▸ **Work item**: Each line of the records needs to be written out exactly, with any image left out.

● ● ● ●

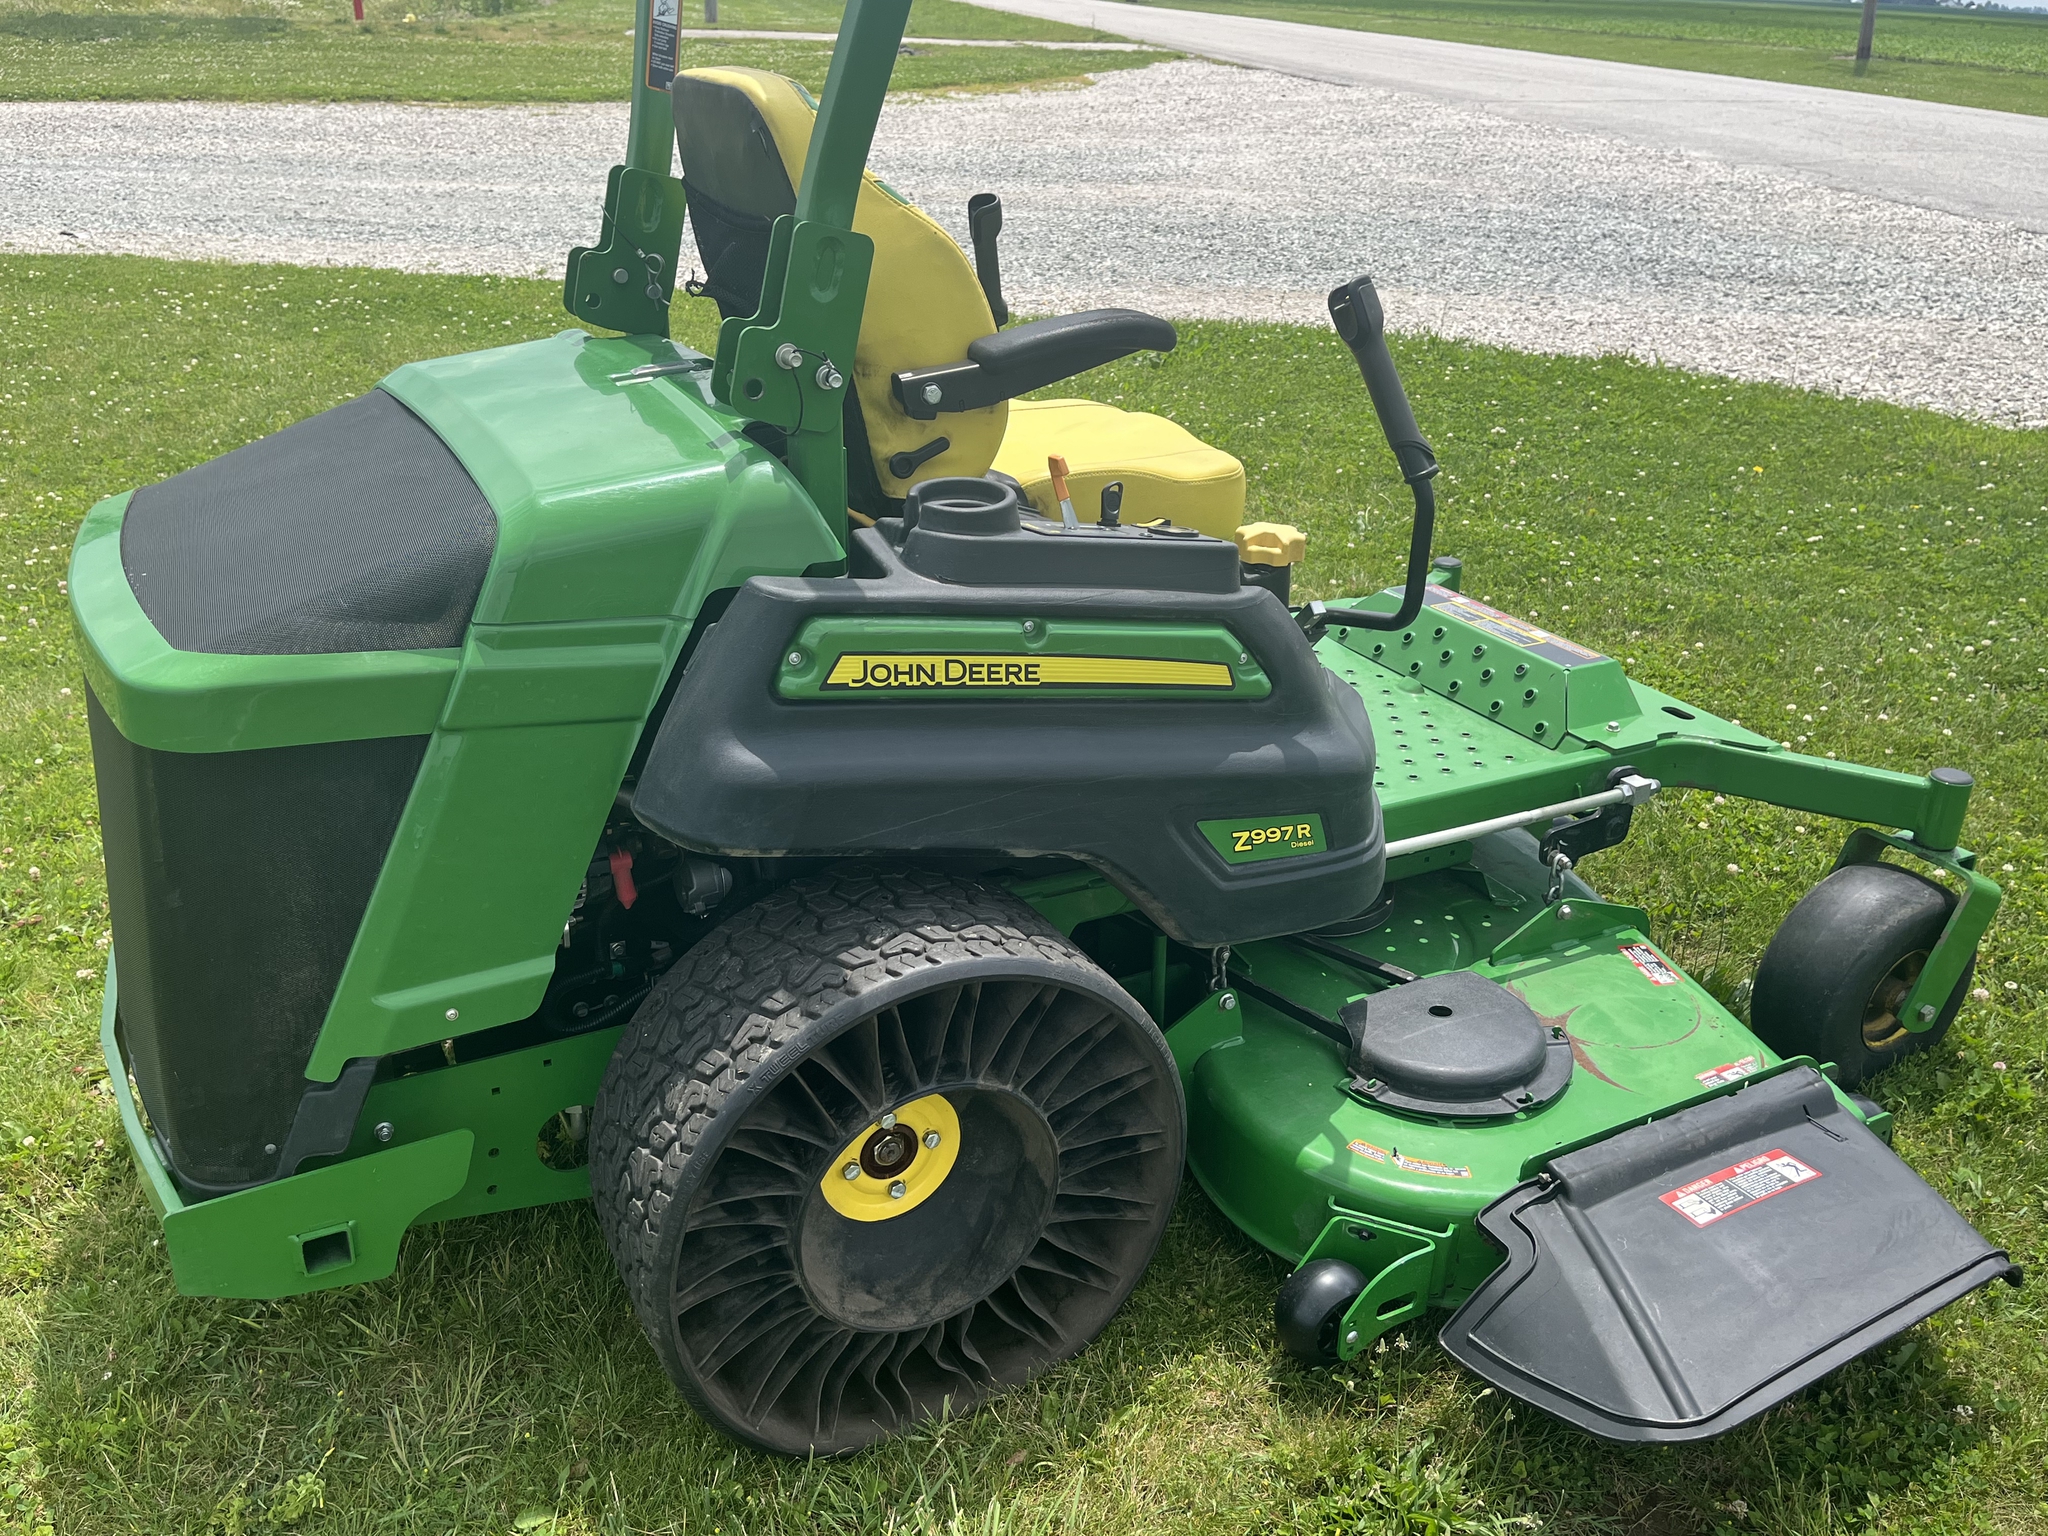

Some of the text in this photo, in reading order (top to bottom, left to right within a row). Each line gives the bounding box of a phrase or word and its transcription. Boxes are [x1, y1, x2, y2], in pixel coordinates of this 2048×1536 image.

[851, 659, 1041, 684] JOHN DEERE
[1290, 839, 1315, 849] Diesel
[759, 1042, 811, 1084] TWEEL
[806, 1013, 846, 1044] TURF
[1682, 1178, 1714, 1194] DANGER

● ● ● ●

▸ **Task response**:
Some of the text in this photo, in reading order (top to bottom, left to right within a row). Each line gives the bounding box of a phrase or word and its transcription. Boxes are [x1, y1, x2, y2], in pixel coordinates of this 2048×1536 image.

[851, 659, 1041, 684] JOHN DEERE
[1290, 839, 1315, 849] Diesel
[759, 1042, 811, 1084] TWEEL
[806, 1013, 846, 1044] TURF
[1682, 1178, 1714, 1194] DANGER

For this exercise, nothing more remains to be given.